人生を変えるライティング教室「天狼院ライティング・ゼミ」〜なぜ受講生が書いた記事が次々にバズを起こせるのか?賞を取れるのか?プロも通うのか?〜

記事:伊藤瞳子(ライティング・ゼミ超通信コース)
 
 
家にツバメが巣をかけた!
 
実はツバメがうちに巣をかけたのは初めてではない。
3回目だ。
 
うちは1階で開業しているクリニックなのだが、最初は患者さんが入ってくる玄関の自動ドアに巣を作った。ツバメは器用に自動ドアの一番上の1センチほどの出っ張りの上に巣の材料を運び始めた。
「患者さんが出入りするところなのに、困ったな。」
衛生面を考えて、巣を撤去することにした。
しかしツバメはあきらめなかった。
翌日の朝にはもう巣が半分ほどできあがっていた。
もう一度撤去したが、それでもツバメはまた巣を作り始めた。
結局、「ツバメが巣を作りました。何度か撤去したのですが、相当気に入ったようで、あきらめてくれませんでした。巣立ちまであたたかく見守ってください」と患者さんへの注意書きのポスターを作り、巣の下に貼った。
 
しかし間もなくツバメは来なくなった。
「好き好き」と言われ、最初はお断りしたのに、押しが強くてオッケーしたら、「やっぱり他に好きな人ができたの」とフラれた気分だった。
 
次の年も同じ場所にツバメは巣を作りにきた。
巣にじーっと座って卵を温めているような様子だったので、卵を産んだのかなと思ったが、また間もなくツバメは来なくなった。
「なんだ。期待させておいて。またフラれちゃったかぁ。」
巣を撤去する時に巣を確認してみたが、卵はなかった。
 
そして昨年、ツバメはよりによって患者さんの自動ドアのセンサーの上に巣を作り始めた。
そこは患者さんの頭上に糞がおちてしまうのでダメだ。
巣を撤去し、お断りした。
すると今度は場所を変えて、裏の職員の玄関に巣を作り始めた。
ここなら患者さんに迷惑がかからないので、そこにあたたかく迎えることにした。
 
あっという間に巣が完成し、卵を温め始めた。
実家の私の母に家にツバメが巣を作ったことを報告すると、かなり喜んでいた。
「今日のスワロー家の写真プリーズ」
とツバメの写真をおねだりするメールや、あれやこれやとツバメの子育てに関する情報が送られてくる。
私に子供が生まれた時よりも熱心じゃないか。
 
ツバメは1シーズンに2回子育てをする。
そして今は6月。
このツバメの夫婦は今シーズン2回目の子育てということのようだ。
「今卵温めているということは7月上旬に巣立ちの予定だね。」
「ヘビやカラスが卵やうまれたヒナをねらってくるようだから気を付けてね。」などと母からメールがくる。

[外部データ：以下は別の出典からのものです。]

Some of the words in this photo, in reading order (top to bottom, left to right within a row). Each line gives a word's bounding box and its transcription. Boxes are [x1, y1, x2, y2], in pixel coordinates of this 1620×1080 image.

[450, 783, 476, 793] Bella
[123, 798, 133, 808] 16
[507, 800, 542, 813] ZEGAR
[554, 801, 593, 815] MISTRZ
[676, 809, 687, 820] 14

調べると、ツバメに巣をかけられたお家の方々は、カラス対策に天井から何本ものビニールテープを垂らすように貼ったり、ヘビが登ってこられないように、壁にビニールを貼ったりするそうだ。
そもそも脚立を持っていないので、高い天井や壁に作業することができないし、正直めんどうくさい。
いまのところカラスが狙っている気配はないし、ヘビは「ヘビレス」というヘビ除けをまわりに撒いておこう。まあ、ヘビなんて見たことないし、大丈夫だろう。
 
巣の中はどうなっているのだろう、見てみたくなったが、巣が高くて中は見えない。
柄の長い枝切ばさみの先に、100円ショップで買ってきたスマートフォンを固定する道具を装着し、簡易の撮影機材を作り、親鳥がエサを取りに行って不在の間に急いで撮影を試みた。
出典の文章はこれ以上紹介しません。